## Task brief
Give back every line of the data below exactly.

=== Dataset records ===

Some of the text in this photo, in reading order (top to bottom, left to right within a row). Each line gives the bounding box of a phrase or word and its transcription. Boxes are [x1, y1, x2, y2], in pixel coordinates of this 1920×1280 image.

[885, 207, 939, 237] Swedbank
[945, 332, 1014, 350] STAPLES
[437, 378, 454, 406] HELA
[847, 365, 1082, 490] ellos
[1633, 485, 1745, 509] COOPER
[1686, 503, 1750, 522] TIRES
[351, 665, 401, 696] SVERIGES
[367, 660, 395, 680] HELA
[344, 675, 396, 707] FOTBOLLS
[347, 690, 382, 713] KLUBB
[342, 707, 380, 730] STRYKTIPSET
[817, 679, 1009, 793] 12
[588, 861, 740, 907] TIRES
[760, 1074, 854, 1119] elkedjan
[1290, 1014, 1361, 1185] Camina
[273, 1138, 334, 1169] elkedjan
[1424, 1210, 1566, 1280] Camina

===

## Expected output
Some of the text in this photo, in reading order (top to bottom, left to right within a row). Each line gives the bounding box of a phrase or word and its transcription. Boxes are [x1, y1, x2, y2], in pixel coordinates of this 1920×1280 image.

[885, 207, 939, 237] Swedbank
[945, 332, 1014, 350] STAPLES
[437, 378, 454, 406] HELA
[847, 365, 1082, 490] ellos
[1633, 485, 1745, 509] COOPER
[1686, 503, 1750, 522] TIRES
[351, 665, 401, 696] SVERIGES
[367, 660, 395, 680] HELA
[344, 675, 396, 707] FOTBOLLS
[347, 690, 382, 713] KLUBB
[342, 707, 380, 730] STRYKTIPSET
[817, 679, 1009, 793] 12
[588, 861, 740, 907] TIRES
[760, 1074, 854, 1119] elkedjan
[1290, 1014, 1361, 1185] Camina
[273, 1138, 334, 1169] elkedjan
[1424, 1210, 1566, 1280] Camina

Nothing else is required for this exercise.